I am trying to do several scaled linear regressions in an automated way, not manually typing every possible combination of variables.
I have 20 variables. I want to run a regression on each pair and then each set of 3, 4, etc.
So, I'd want a regression comparing Y ~ X1, X2
, Y ~ X2, X3
.... Y~ X1, X3
, Y~X1,X2,X3
, Y~X1,X2,X3,X4
, Y~X1,X2,X3,X5,X7
, Y~X1, X3, X7, X8
etc,etc. There would be a lot of models. Does anyone know how to do this?
I tried this (How do you repeat linear regressions where only the IV changes without having to write code repeatedly?):
lmfun <- function(x) do.call("lm", list(reformulate(x, "retention_rate"), quote(data)))

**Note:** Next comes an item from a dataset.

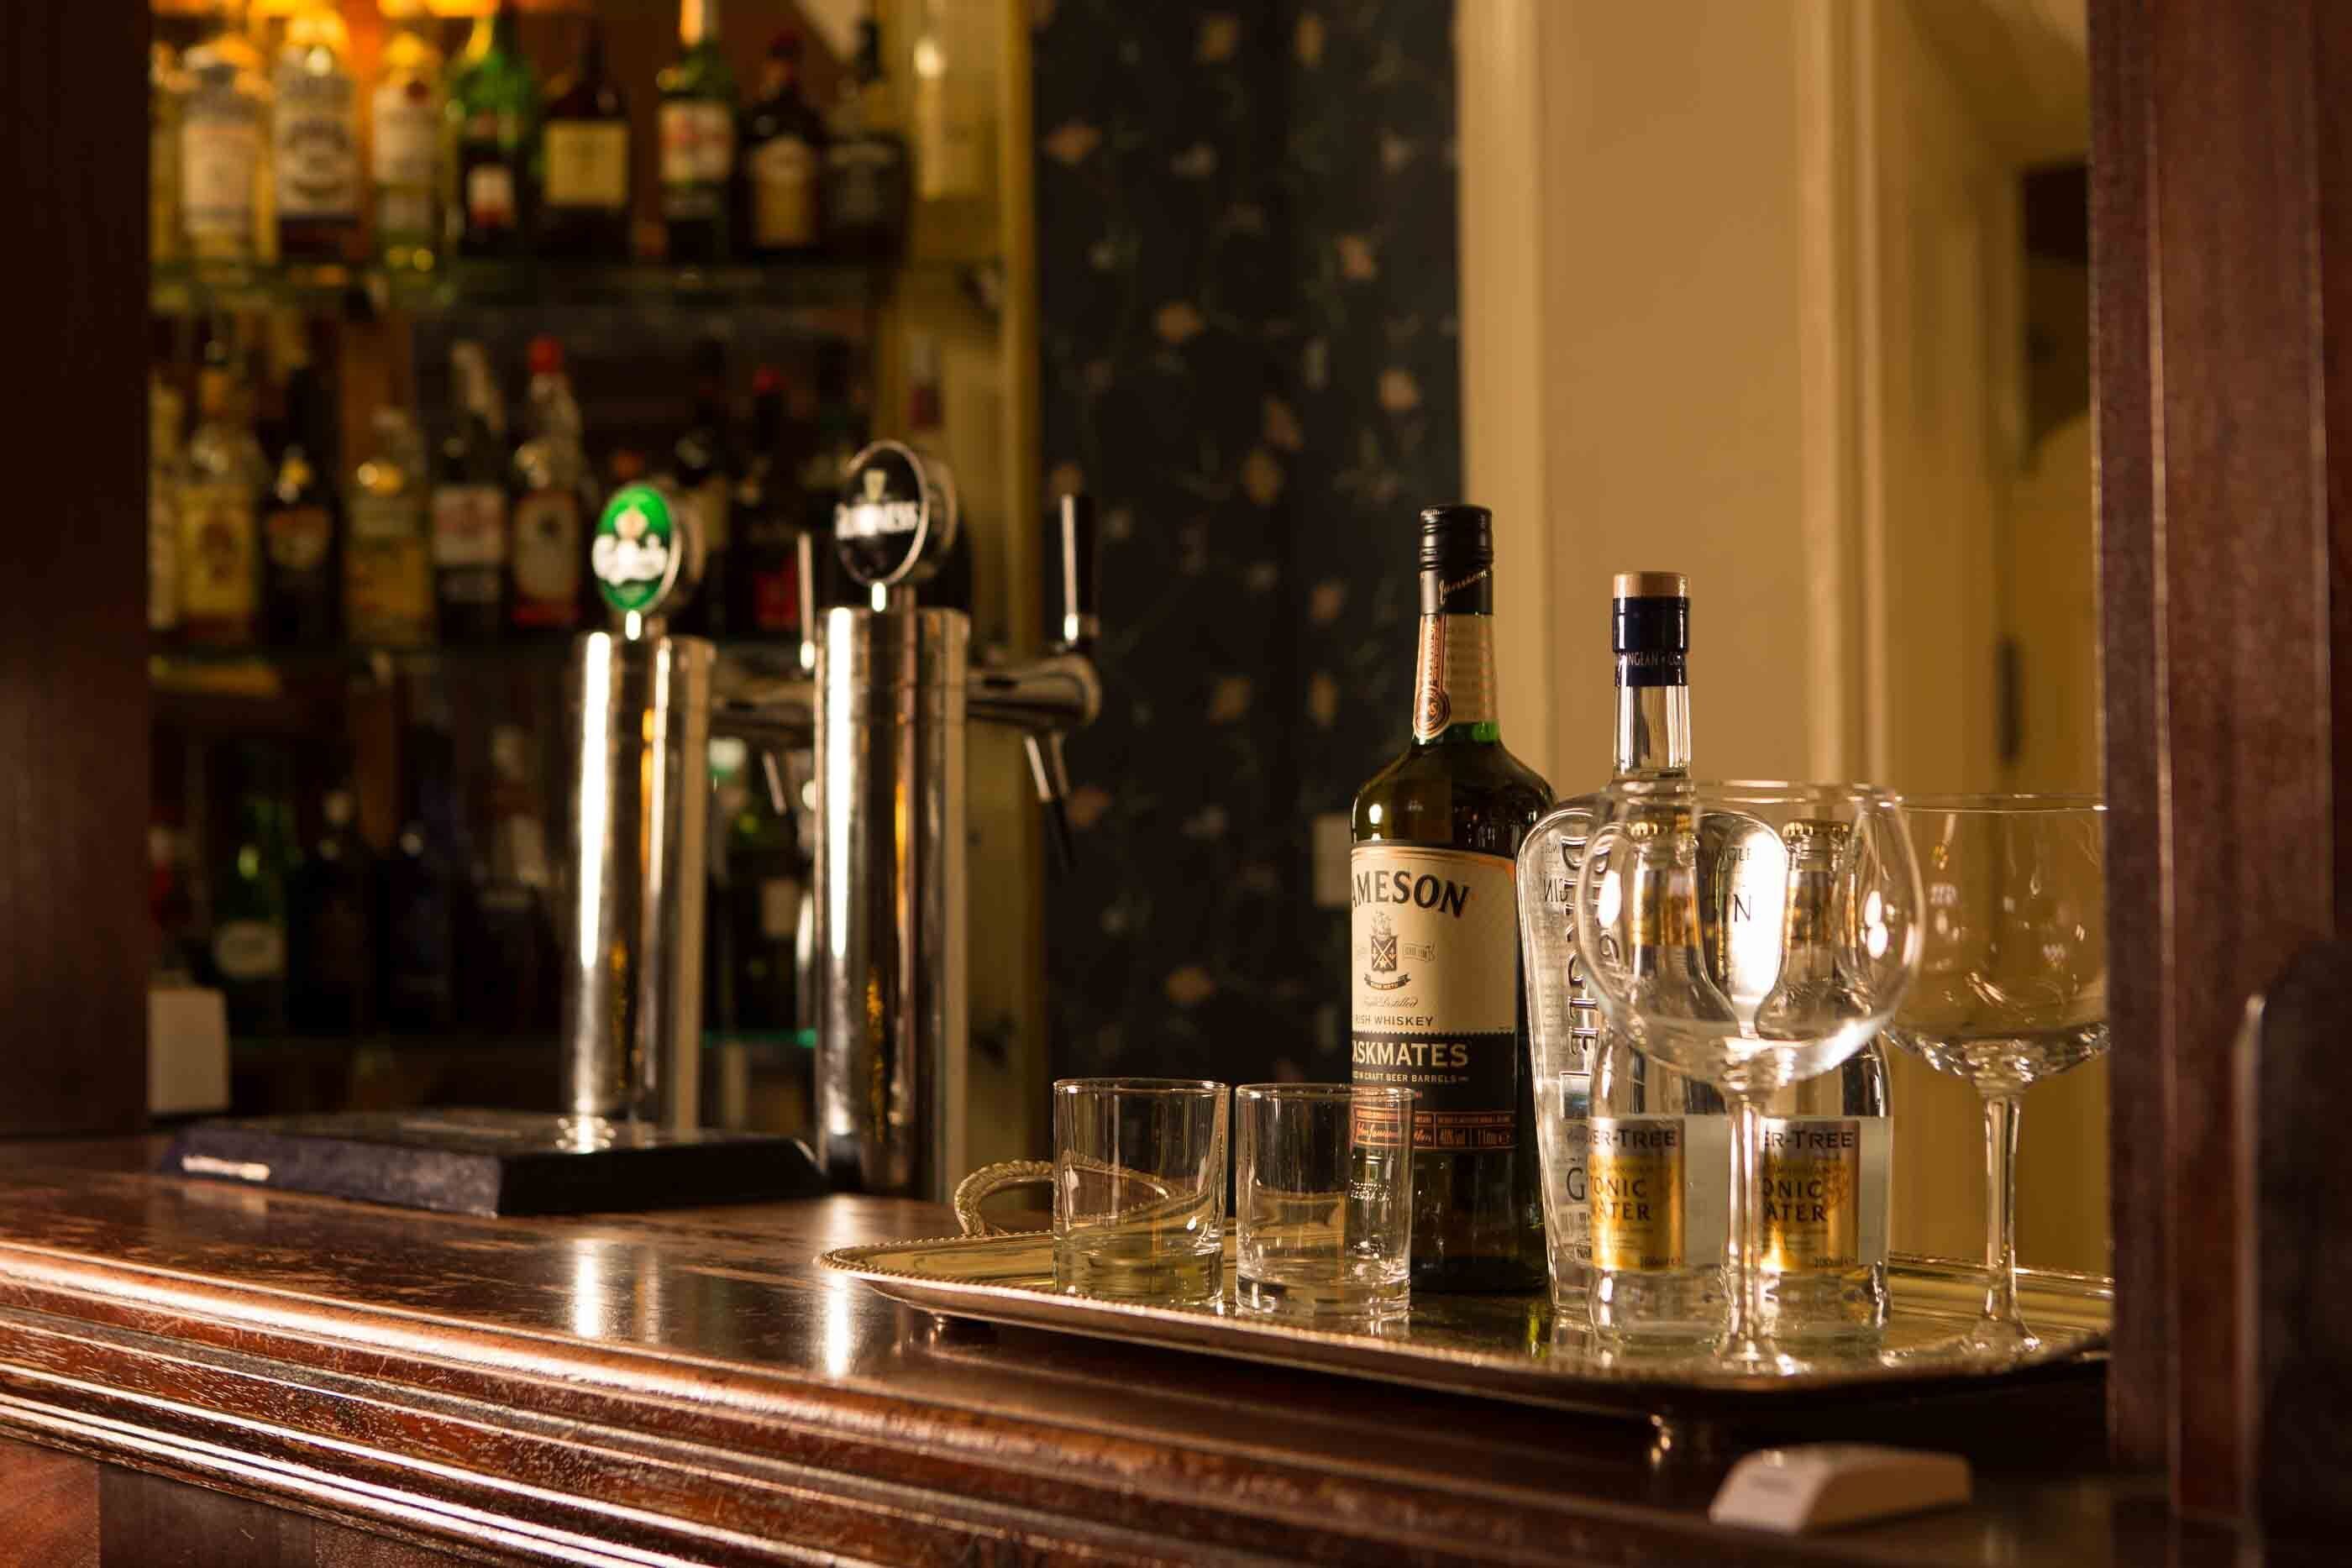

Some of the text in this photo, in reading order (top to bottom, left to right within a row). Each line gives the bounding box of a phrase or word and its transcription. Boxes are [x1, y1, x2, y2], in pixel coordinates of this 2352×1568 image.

[1373, 1015, 1434, 1027] WHISKEY
[1386, 1073, 1409, 1083] BEER
[1410, 1074, 1457, 1083] BARRELS

L <- Map(lmfun, names(data)[-1])
It works wonderfully except that I need the other combinations (3, 4, 5, 6 variables, etc, etc, not just iterating through a single X variable. Does anyone know how to change the above code to get the different combinations of different quantities? Also open to new suggestions.

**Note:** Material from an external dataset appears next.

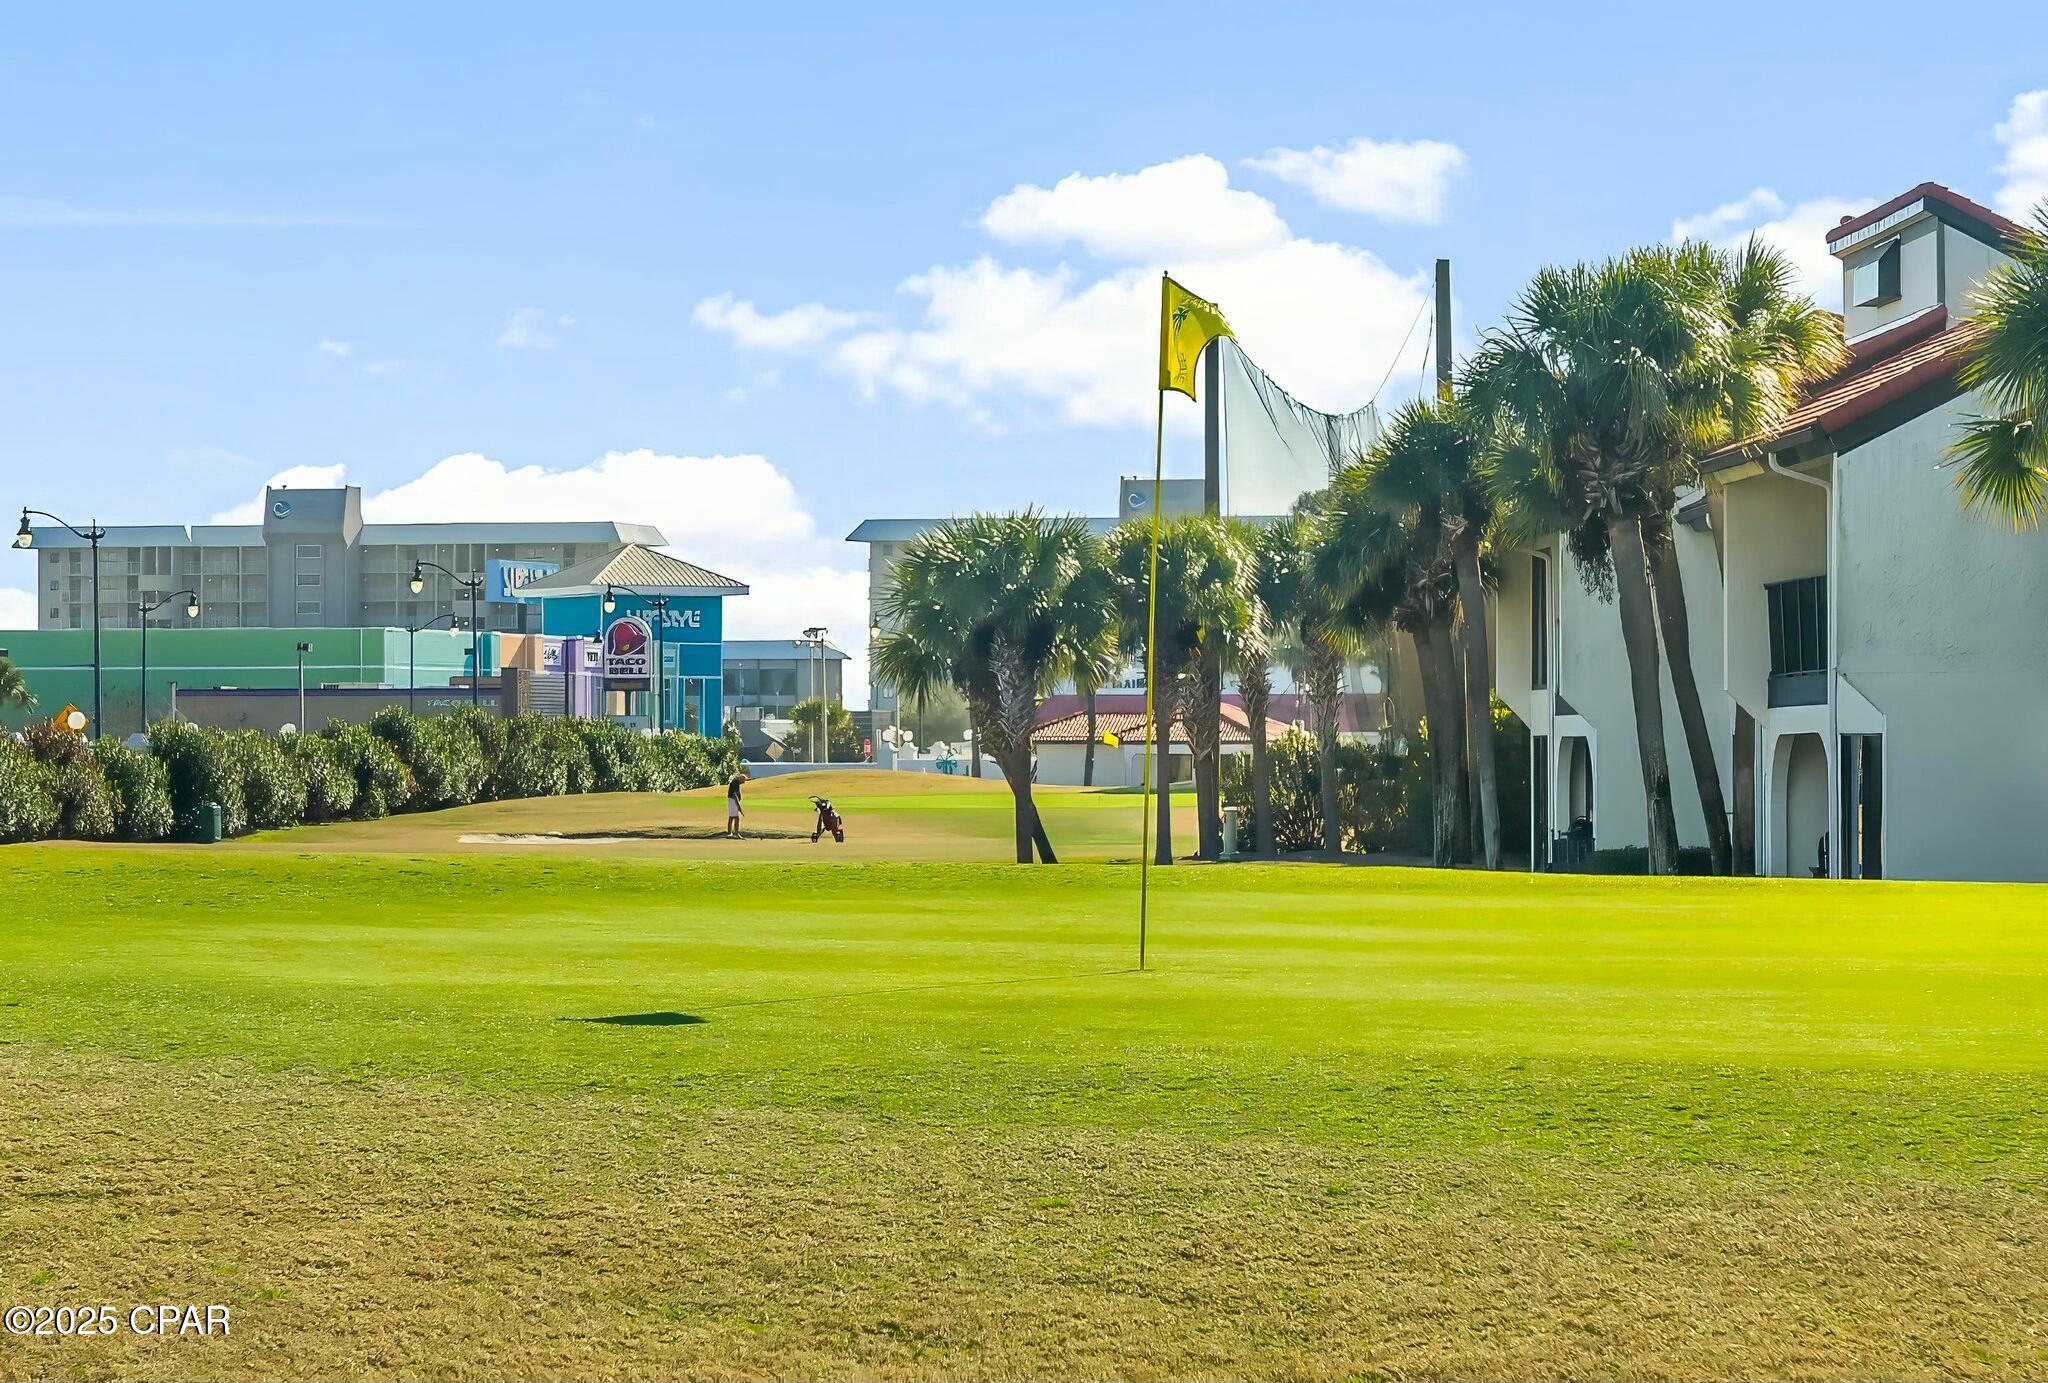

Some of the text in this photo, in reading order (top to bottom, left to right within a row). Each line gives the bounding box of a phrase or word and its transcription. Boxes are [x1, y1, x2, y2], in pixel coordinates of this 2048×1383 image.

CodePudding user response:
You can use combn
in a lapply
loop to create the formulas. Note that you'l have 1M regression formulas.
xvars <- paste0("X", 1:20)
fmla_list <- lapply(2:20, \(k){
combn(xvars, k, \(x) {
regr <- paste(x, collapse = " ")
fmla <- paste("Y ~", regr)
as.formula(fmla)
}, simplify = FALSE)
})
fmla_list <- unlist(fmla_list)
length(fmla_list)
#> [1] 1048555
sum(choose(20, 2:20))
#> [1] 1048555
Created on 2022-02-17 by the reprex package (v2.0.1)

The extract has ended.